The specific components of treatment for both the child and parent are: Education about CSA and healthy sexuality; coping skills training, including relaxation, emotional expression and cognitive coping; gradual exposure and processing of traumatic memories and reminders; personal body safety skills training.
Two major categories of program include – (1) Perinatal and early childhood programs: Preventing sexual abuse amongst high risk individuals and families, nurse/social worker home visit programs, identification of high risk families and regular visits made for at least two years. (2) Education programs: Sexual abuse education programs may be more useful as secondary preventive interventions, school based education programs.
Primary prevention of child sexual abuse: alternative, non-child directed approach - These approaches are based upon the aetiology and sustaining and maintaining factors for the conditions to be prevented (Bickman 1983, Morell 1981, Rappaport 1987). David Finkelhor (1984) suggested that CSA may be prevented by intervening any one of the four preconditions.

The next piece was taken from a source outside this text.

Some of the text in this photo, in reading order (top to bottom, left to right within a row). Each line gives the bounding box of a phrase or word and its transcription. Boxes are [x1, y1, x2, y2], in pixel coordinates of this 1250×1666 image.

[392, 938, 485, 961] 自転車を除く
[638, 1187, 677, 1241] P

Alternative approaches to enhancement of internal inhibitors - Internal inhibitors relate to the individuals’ personal awareness of the inappropriateness of the sexual contact and their willingness or ability to control their impulses towards children. By publicizing the use of sexual abuse prevention programs in schools. Parent education forums on CSA may also increase internal inhibitors if any perpetrators or potential perpetrators are in the audience. Public advertising may serve an important role. Public campaign ads designed to educate perpetrators and potential perpetrators about the effect of CSA.
Alternative approaches to enhancement of external inhibitors - External inhibitors stop sexual abuse through environmental constraints upon the act (Finkelhor 1984): (1) Presence of another person who might witness the act, (2) Lack of private time with the child,(3) Likelihood of discovery.

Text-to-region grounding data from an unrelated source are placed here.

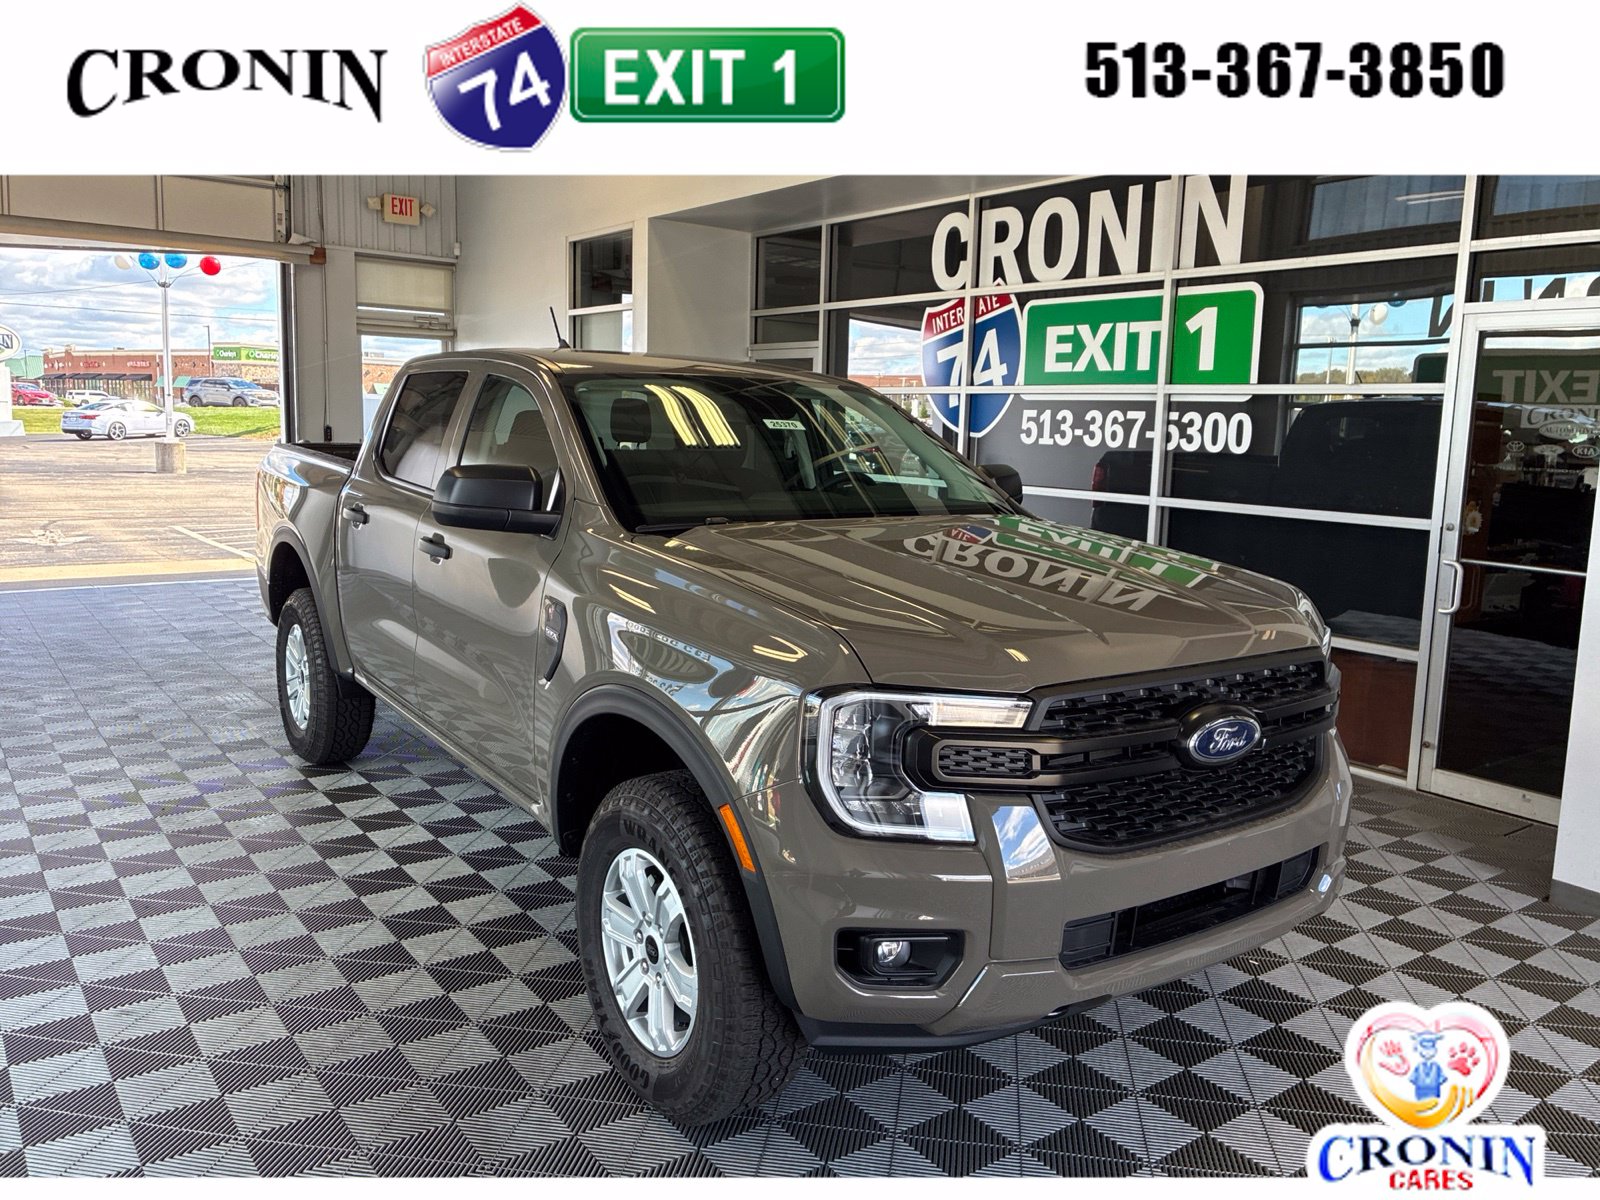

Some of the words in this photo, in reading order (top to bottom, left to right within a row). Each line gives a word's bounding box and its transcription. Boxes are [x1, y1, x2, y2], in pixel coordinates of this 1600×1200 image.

[391, 196, 415, 217] EXIT
[931, 175, 1249, 290] CRONIN
[932, 295, 1001, 334] INTERATE
[1044, 320, 1164, 373] EXIT
[1185, 306, 1218, 371] 1
[937, 328, 1008, 408] 74
[1020, 409, 1253, 455] 513-367-5300
[1576, 447, 1595, 456] KIA
[1209, 725, 1248, 754] Ford

Alternative approaches to increasing children’s resistance - Parents may increase their child’s resistance to abuse by developing a relationship with their child which would encourage disclosure of abuse.

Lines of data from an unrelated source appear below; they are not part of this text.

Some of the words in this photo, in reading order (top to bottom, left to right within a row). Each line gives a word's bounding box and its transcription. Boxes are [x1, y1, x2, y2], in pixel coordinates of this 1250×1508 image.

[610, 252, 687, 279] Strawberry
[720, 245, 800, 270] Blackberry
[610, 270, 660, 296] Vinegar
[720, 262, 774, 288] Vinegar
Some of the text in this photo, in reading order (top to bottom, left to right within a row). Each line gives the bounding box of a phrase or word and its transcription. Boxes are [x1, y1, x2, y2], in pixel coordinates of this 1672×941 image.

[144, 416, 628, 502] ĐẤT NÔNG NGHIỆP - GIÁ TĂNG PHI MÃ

Parent education - Parents training would help parents recognize situation which require further investigations.
Alternative approaches to reduction of motivation to sexually abuse - (1) Intervention with adults who are currently manifesting sexual arousal patterns towards children. Numerous approaches to the treatment of paedophilia had been attempted. (2) Efforts may be directed at children to prevent the later development of abnormal sexual arousal patterns.
CSA is not a rare phenomenon. It results from the complex interplay of individual, familial and social factors. CSA is associated with high degree of psychological and physical consequences. But because of the overlap between sexual abuse, physical abuse, emotional neglect and conditions like poverty, it is difficult to ascertain how much CSA contributed to the psychological consequences. Establishment of a sound therapist-patient relationship and individualized treatment remains the cornerstone for management of CSA. There is an urgent need to develop a database in our country so that appropriate intervention can be planned and implemented.
1. Kaplan and Sadock's comprehensive textbook of psychiatry, 8th ed. Sadock BJ, Sadock VA, editors. Lippincott William and Wilkins: Phildelphia.
2. Psychotherapy with children and adolescents (Cambridge Child And Adolescent Psychiatry). Helmut Remschmidt, Ian M. Goodyer, Peter Matthias Wehmeier, authors. Cambridge University Press.
3. Treating survivors of childhood abuse: psychotherapy for the interrupted life. Marylene Cloitre, Lisa R. Cohen, Karestan C. Koenen, authors. Guilford Publications.